As taxas de mortalidade aceleram até os 80 anos, desaceleram e depois se estabilizam entre as idades de 105 a 110 anos, concluíram os autores do estudo. A lei de Gompertz, nessa visão, termina em uma linha reta. 

Para ser claro, estamos falando da aceleração das taxas de mortalidade, e não das próprias probabilidades. Essas ainda não são boas. Apenas duas em 100 mil mulheres vivem até 110; para os homens, as chances de se tornar um supercentenário são de duas em um milhão. Aos 105 anos, de acordo com o novo estudo, as chances de sobreviver até o seu 106º aniversário estão em torno de 50%. É mais um cara ou coroa de 50% de chances para 107, depois novamente para 108, 109 e 110. 

Liderada por Elisabetta Barbi, da Universidade Sapienza de Roma, e por especialistas do Instituto Nacional Italiano de Estatística, a nova pesquisa rastreou todos na Itália nascidos entre 1896 e 1910, que viveram até os 105 anos de idade ou mais.
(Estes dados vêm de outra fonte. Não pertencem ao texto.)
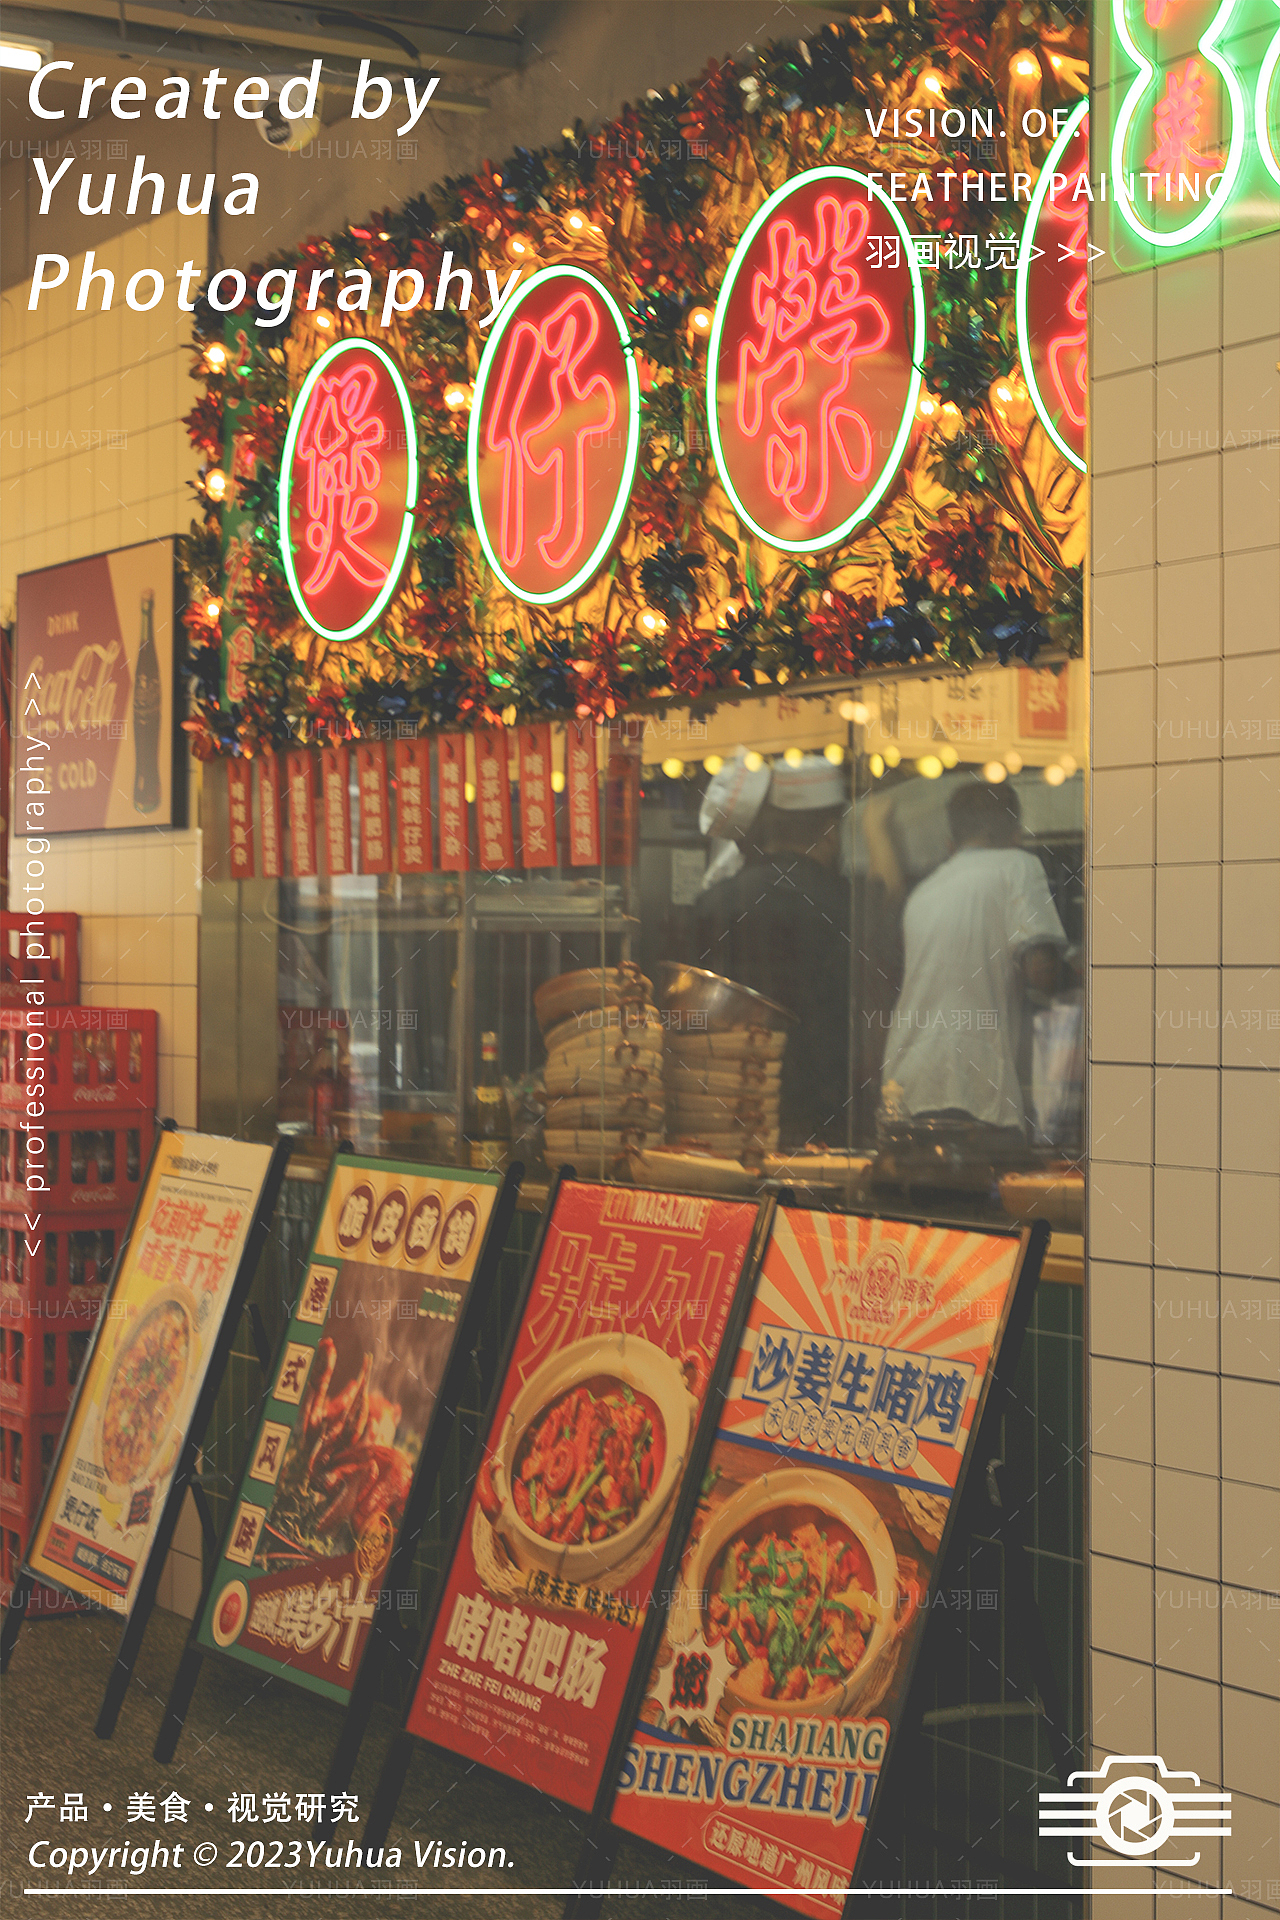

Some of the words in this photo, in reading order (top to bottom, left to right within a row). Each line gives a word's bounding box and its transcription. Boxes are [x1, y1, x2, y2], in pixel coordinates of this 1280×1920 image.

[45, 610, 80, 639] DRINK
[57, 758, 97, 791] COLD
[751, 1333, 968, 1435] 沙姜生啫鸡
[444, 1591, 610, 1710] 啫啫肥肠
[437, 1657, 462, 1682] ZHE
[460, 1666, 484, 1690] ZHE
[483, 1674, 503, 1696] FEI
[502, 1681, 543, 1714] CHANG
[730, 1716, 885, 1762] SHAJIANG
[617, 1748, 879, 1823] SHENGZHEJI
Os dados incluíram 3.836 pessoas, das quais 3.373 eram mulheres e 463 eram homens. O registro nacional italiano, que exige atualizações anuais dos cidadãos, fornece informações mais precisas do que os dados da Previdência Social dos EUA. “A Itália provavelmente tem os melhores dados disponíveis”, disse Wachter. 

Sem limites rígidos

O estatístico Holger Rootzen, da Chalmers University of Technology, na Suécia, considerou o estudo uma “análise muito cuidadosa e boa” que revela um platô de mortalidade entre os 105 e os 110 anos. 
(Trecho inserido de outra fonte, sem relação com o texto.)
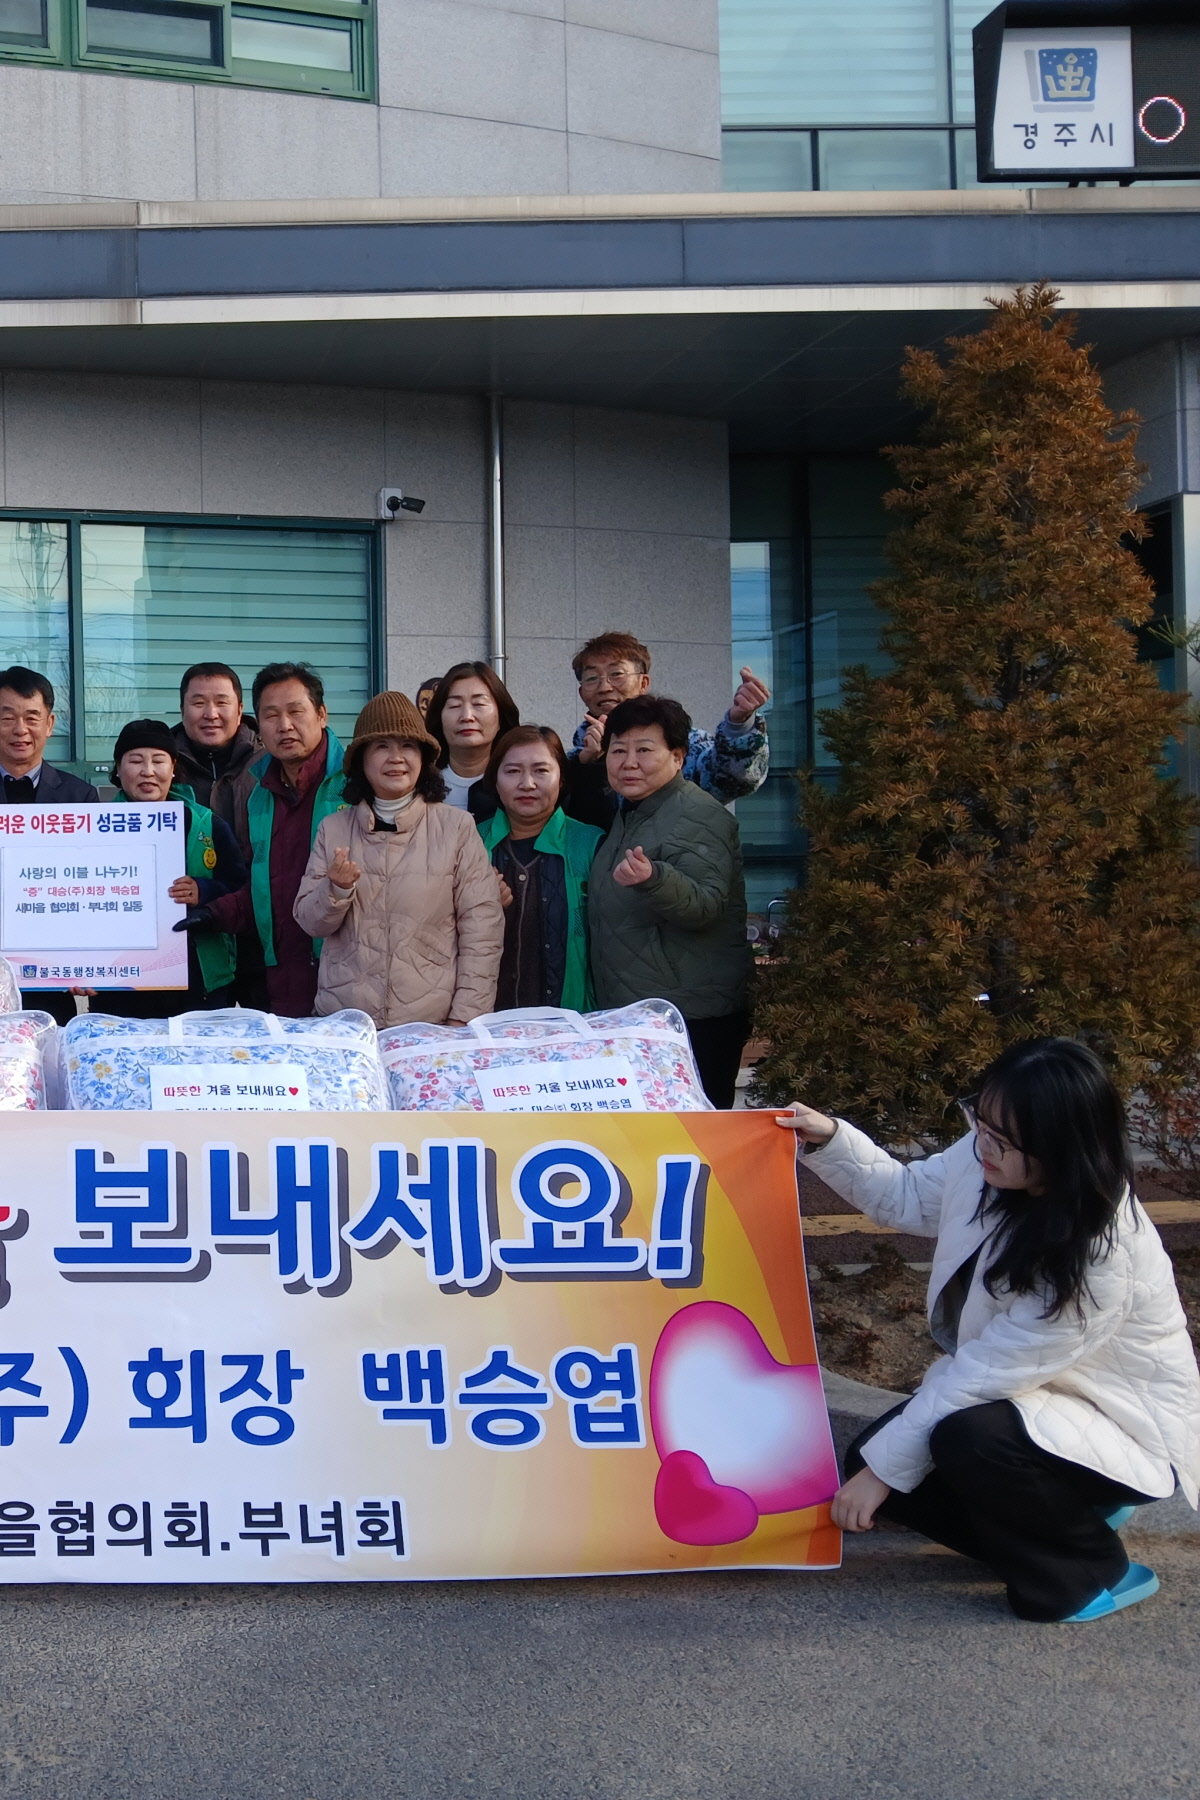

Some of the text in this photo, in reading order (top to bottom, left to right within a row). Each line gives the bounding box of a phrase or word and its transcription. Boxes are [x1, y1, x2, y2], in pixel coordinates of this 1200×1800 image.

Usando dados similares de longevidade do Japão e de países ocidentais coletados pelo Instituto Max Planck de Pesquisa Demográfica, Rootzen rejeitou a noção de um limite rígido para a vida humana em um artigo publicado em dezembro na revista Extremes. Ele previu que seria possível no próximo quarto de século que alguém atingisse a idade de 128 anos. 

Dois anos atrás, pesquisadores da Faculdade de Medicina Albert Einstein argumentaram na Nature, com base em dados de longevidade de 40 países, por um limite máximo em torno de 115. Na visão deles, o tempo de vida de Calment foi um golpe de sorte.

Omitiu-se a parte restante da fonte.